Quando ha scoperto la scrittura e come è iniziato questo suo percorso?

«E' successo per caso, un po' come per tutte le cose che mi sono capitate nel mio lavoro. Ero piccola quando mi hanno spinto a fare la cantante. Con la scrittura è successo lo stesso. Sono una buona lettrice, da bambina ero anche piuttosto brava a scrivere, mi piaceva. Ma da lì a pensare di mettersi a scrivere dei libri era un'altra storia. C'è stato qualcuno che mi ha fatto capire che avevo qualcosa da dire: Simone Caltabellota (editore di "Leonida", ma anche il mio editor in tutti i precedenti libri) mi ha spinto. Ho cominciato ed è stata una scoperta anche per me».

"Leonida" racconta la storia di una vita. Come nasce?

«Non avevo una trama ben definita in testa, mi sono lasciata guidare dalle sensazioni. La storia è importante, ma è anche un mezzo per raccontare la vita, quello che siamo noi, che conosciamo. Mi piace raccontare i temi della nostra vita, che cerchiamo di capire, che affrontiamo tutti i giorni».

La famiglia di Leonida non è un luogo d'amore ma un luogo non positivo, che la segna e la spinge a intraprendere un percorso, allontanandosi da una situazione che le provoca sofferenza. Quanto sono importanti le radici?

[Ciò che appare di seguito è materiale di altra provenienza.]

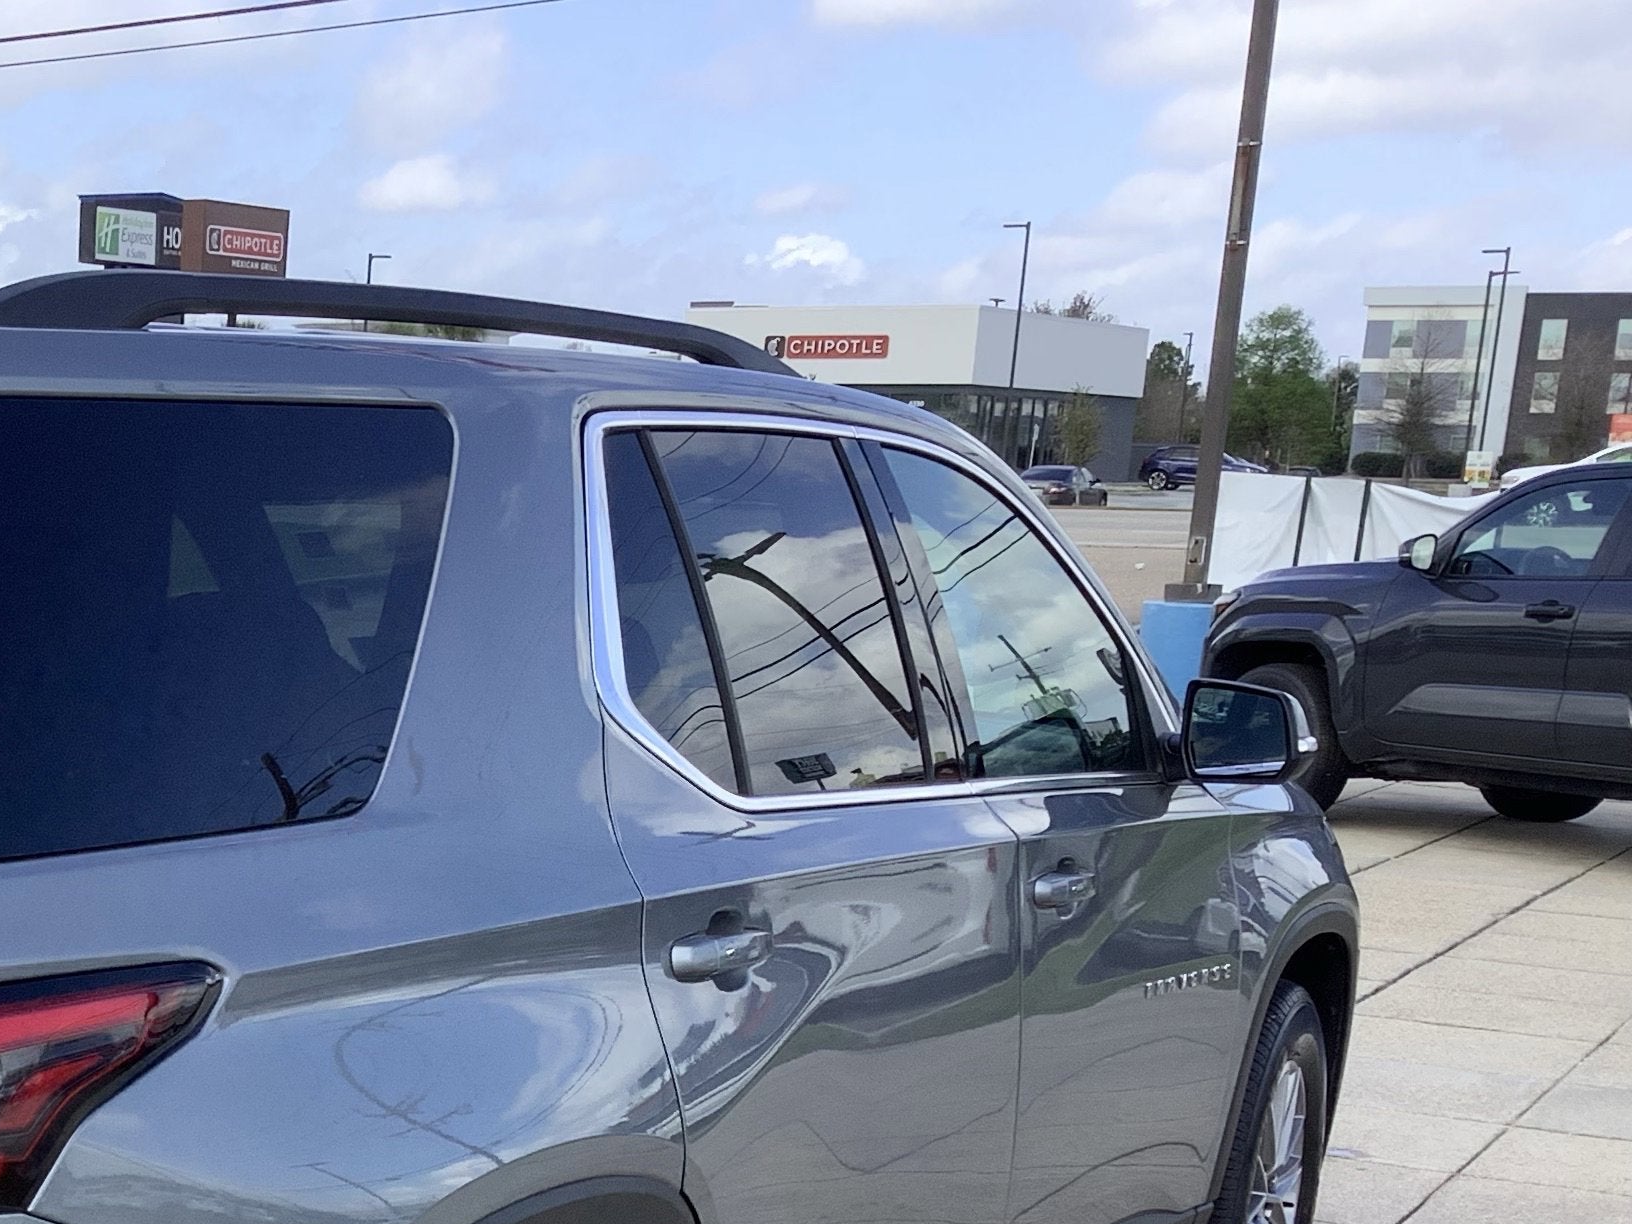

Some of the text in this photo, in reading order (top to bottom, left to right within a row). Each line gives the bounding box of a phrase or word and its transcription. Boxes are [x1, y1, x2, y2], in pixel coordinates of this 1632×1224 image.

[163, 226, 182, 249] HO
[224, 234, 280, 254] CHIPOTLE
[231, 259, 279, 272] MEXICAN GRILL
[789, 339, 884, 354] CHIPOTLE
[1144, 963, 1231, 999] TRAVERSE

«La famiglia può essere un luogo di contraddizione. A volte si ha paura di scoprire che tante cose non sono come pensiamo. Le radici Leonida le scopre alla fine. Sono importanti e sono un'altra cosa rispetto alla famiglia perché, al di là dei rapporti con gli altri, le radici sono te stessa, dove sei cresciuta, dove hai imparato a conoscere le cose, a sentirti appartenere in un luogo. Mancano sia alla madre che a Leonida e questo ha provocato in entrambe uno sbandamento nella loro vita».

Cos'è per lei il tempo?

«Non ho mai dato tanta importanza al tempo. Mi sono trovata a vivere le cose più grandi di me. Come Leonida, posso dire di non essere mai stata giovane e, quindi, di non sentirmi nemmeno vecchia».

Mettere le emozioni e la creatività nella musica e nella scrittura. Quale preferisce tra queste due forme d'arte?

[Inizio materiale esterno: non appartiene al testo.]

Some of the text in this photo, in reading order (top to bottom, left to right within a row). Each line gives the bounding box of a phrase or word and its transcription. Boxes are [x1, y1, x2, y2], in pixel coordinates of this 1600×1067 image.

«Mi è molto difficile dare una risposta. Quando faccio musica sento di dire che preferisco la musica e quando mi occupo di libri che preferisco la scrittura. Hanno un'importanza paritaria, perché nascono da me e dalla mia esigenza di raccontare».

E' arrivata al successo giovanissima. Cosa le ha tolto e cosa le ha dato?

«Ho avuto grossi problemi, ma sono riuscita a salvarmi e a non esserne travolta proprio per il mio carattere e le mie radici. Quel mondo che ho raccontato ne "Il mio cuore umano", il ricordo delle cose che avevo vissuto da bambina, mi ha aiutato a risolvere quello di una ragazzina che è stata proiettata in una vita non facile e che si è trovata a fare i conti con un successo così esagerato. Le cose si dovrebbero avere quando si sanno gestire. Ma ho fatto il mio percorso e oggi sono molto soddisfatta e contenta di come ho preso in mano la mia vita. Il mio modo di scrivere, di raccontare, di approfondire viene da un'adolescenza che non ho avuto e da tante cose che ho vissuto».

Ieri 25 novembre è stata la Giornata internazionale contro la violenza sulle donne. Al tema del femminicidio ha dedicato una canzone, “Ballata Triste”...

«E' una piaga enorme di cui sentiamo parlare tutti i giorni. E' bene che se ne parli, ma bisognerebbe fare un'operazione nelle scuole, tra i bambini. Bisognerebbe far crescere le generazioni con un concetto uomo-donna molto più sano».